Un pericolo che viene da lontano
Nel 1999, la NATO ha bombardato la Serbia per sottometterla alla secessione del Kosovo. La guerra contro la Jugoslavia è stata la prima diretta a cambiare gli equilibri regionali e a mettere in crisi l’ordinamento degli Stati nazionali, è stata la prima in cui l’Occidente capitalista ha scelto di promuovere il conflitto settario – quello portato avanti dai musulmani di Bosnia e del Kosovo – e farsene strumento per disintegrare l’unità nazionale di un Paese e annullarne la sovranità.
Dopo di allora, nell'aprile 2009 l'Albania e la Croazia hanno completato il processo di adesione alla NATO e lo stesso è avvenuto per il Montenegro nel 2017. Attualmente sono in corso le procedure per l’adesione all’Alleanza della Bosnia Erzegovina.
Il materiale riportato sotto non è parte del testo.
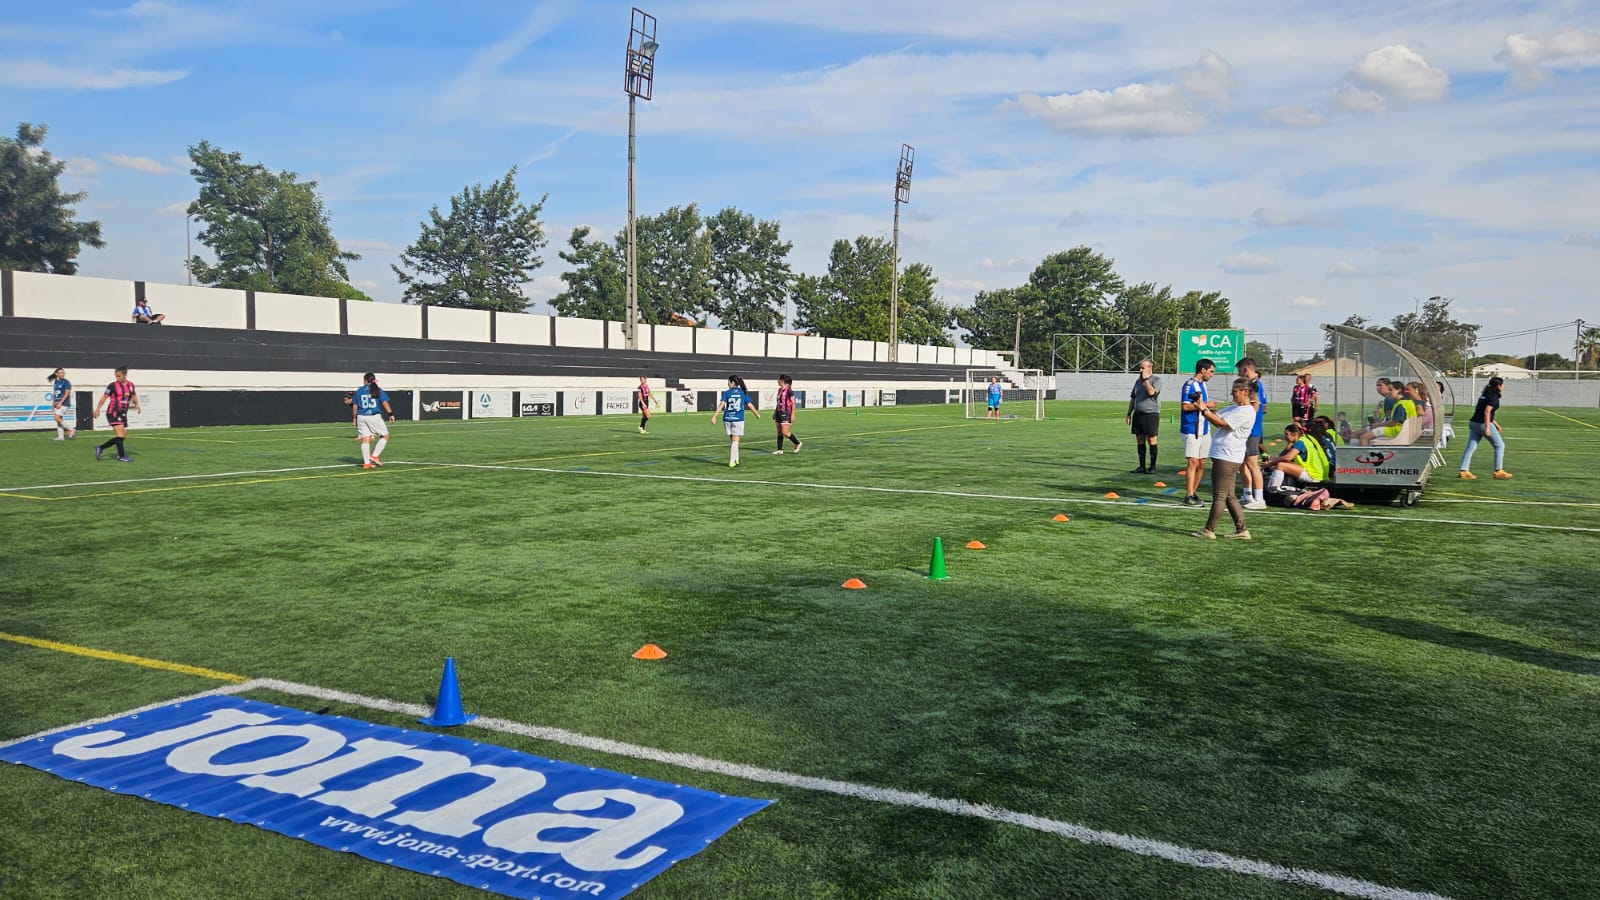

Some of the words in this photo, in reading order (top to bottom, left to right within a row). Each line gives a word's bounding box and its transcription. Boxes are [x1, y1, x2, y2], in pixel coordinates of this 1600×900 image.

Anche il Kosovo, che ospita la base KFOR2 di Camp Bondsteel (la più grande base statunitense nei Balcani), ha recentemente chiesto di entrare come membro del Patto atlantico: secondo quanto riporta il Fatto Quotidiano, «per la presidente del Kosovo Vjosa Osmani, la crisi e il conflitto in Ucraina potrebbero estendersi alla regione balcanica, e per questo è importante che la Nato acceleri il processo di adesione all’Alleanza in primo luogo di Kosovo e Bosnia- Erzegovina.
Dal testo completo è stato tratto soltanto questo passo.